Spring-legged quadcopter cuts power use by nearly half hopping

Learning to Exploit Passive Dynamics for Energy-Efficient Target Hopping of a Spring-Legged Quadcopter

Robotics

Summary

Hopping robots that combine flying with springy legs can move well over rough ground, but getting their motors to work smoothly with their springs is tricky. The authors taught a robot’s four motors to control hopping without a complicated step-by-step program by using a learning method called PPO. This new approach used less electricity, managed energy better, and helped the robot land more precisely compared to older methods. It shows machines can learn to save power by better using their natural springs.

What this means in practice

  • For robotics engineers: Design energy-efficient hopping robots that require less tuning and achieve better power use by combining learned motor control with passive leg dynamics.
  • For drone developers: Build quadcopter drones capable of agile hopping over complex terrain while reducing battery consumption through learned control strategies.

Authors

Ruigang Chen, Qi Zhang, Zhicheng Zhong, Zhuorui Yun, Yizhar Or, Mingyi Liu

Abstract

Combining aerial thrust with spring-loaded hopping makes monopedal quadcopters promising for locomotion over complex terrain, but heuristic proportional-integral-derivative (PID) tuning limits coordination between active thrust and passive contact dynamics. We present a direct estimated-state-to-motor Proximal Policy Optimization (PPO) policy that commands four motors without an explicit hopping state machine or low-level attitude PID. Its reward combines Energy-Manifold Shaping for mass-normalized vertical-energy tracking and apex-state anchoring with Efficiency Shaping, which uses a history-aware power estimator to penalize general power use, impose an additional airborne-power cost, and penalize airborne near-stationarity.
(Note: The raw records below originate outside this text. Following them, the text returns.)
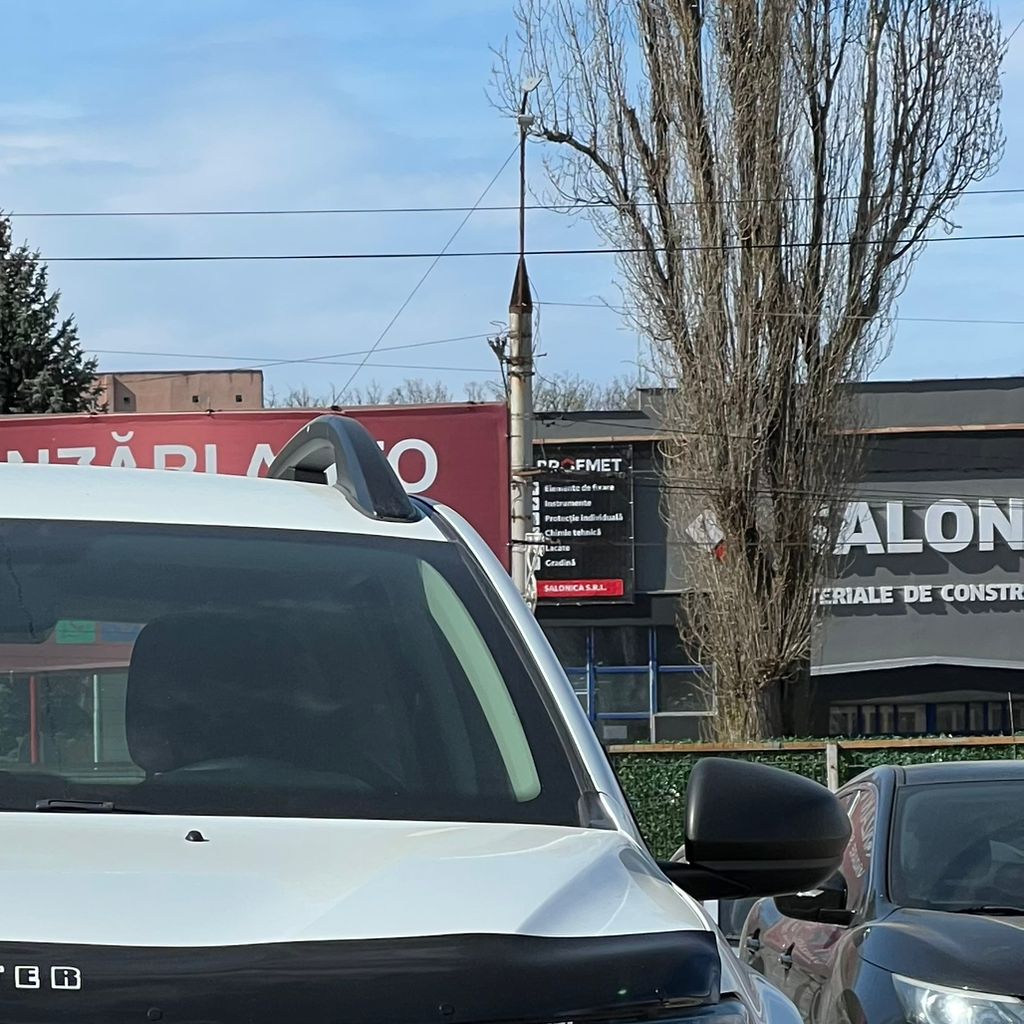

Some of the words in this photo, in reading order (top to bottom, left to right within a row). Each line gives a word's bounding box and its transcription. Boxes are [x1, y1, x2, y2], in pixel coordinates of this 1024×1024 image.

[544, 529, 572, 537] Chimie
[544, 584, 585, 592] SALONICA
[585, 583, 608, 591] S.R.L.
[904, 585, 932, 603] DE
[941, 583, 1024, 603] CONSTR
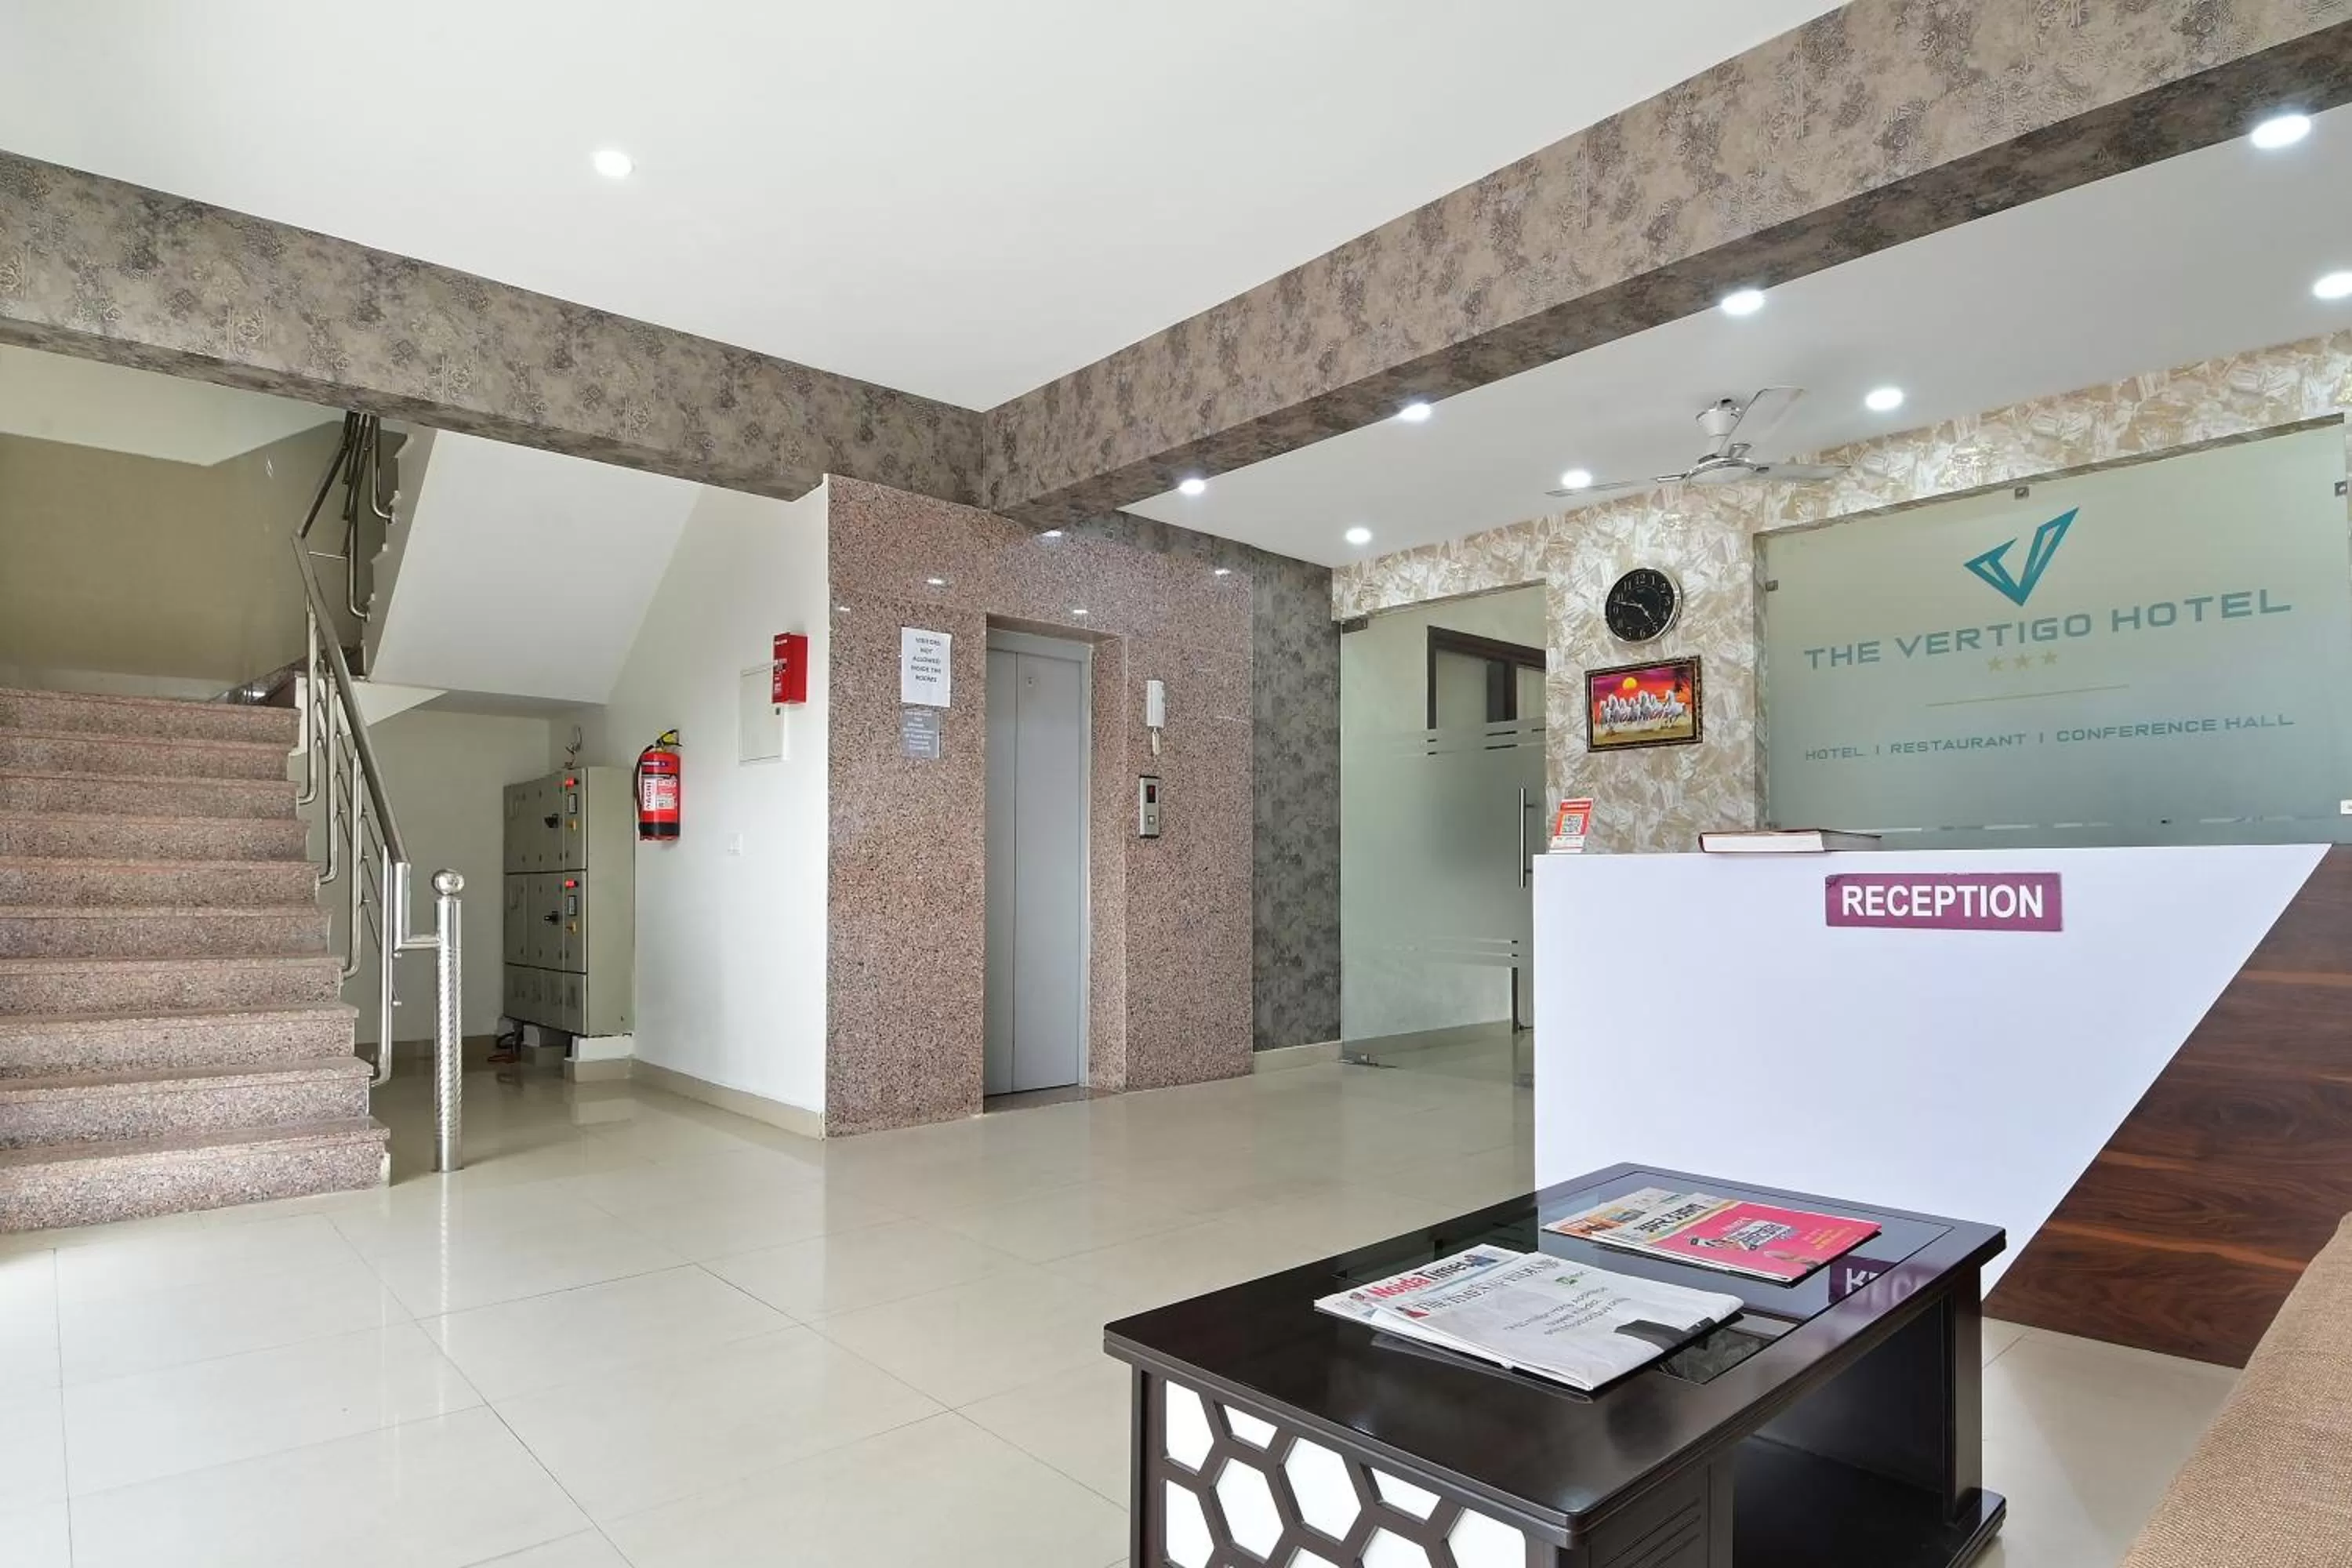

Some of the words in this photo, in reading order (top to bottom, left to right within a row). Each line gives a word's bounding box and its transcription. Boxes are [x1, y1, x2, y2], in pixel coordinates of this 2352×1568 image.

[1624, 581, 1632, 591] 11
[1635, 573, 1646, 584] 12
[1660, 583, 1666, 593] 2
[1805, 641, 1880, 670] THE
[1894, 613, 2092, 659] VERTIGO
[2111, 589, 2292, 633] HOTEL
[1806, 746, 1866, 760] HOTEL
[1890, 733, 2027, 753] RESTAURANT
[2056, 718, 2218, 742] CONFERENCE
[2224, 714, 2296, 730] HALL
[1842, 884, 2044, 918] RECEPTION
In representative hardware runs, the PPO-based control stack reduced cycle-averaged measured electrical power by 30.7% and mean total normalized thrust by 49.8% relative to the tuned PID-based control stack, while retaining repeatable commanded-height hopping and more concentrated landings. These observations are consistent with improved use of passive dynamics and reduced measured electrical demand.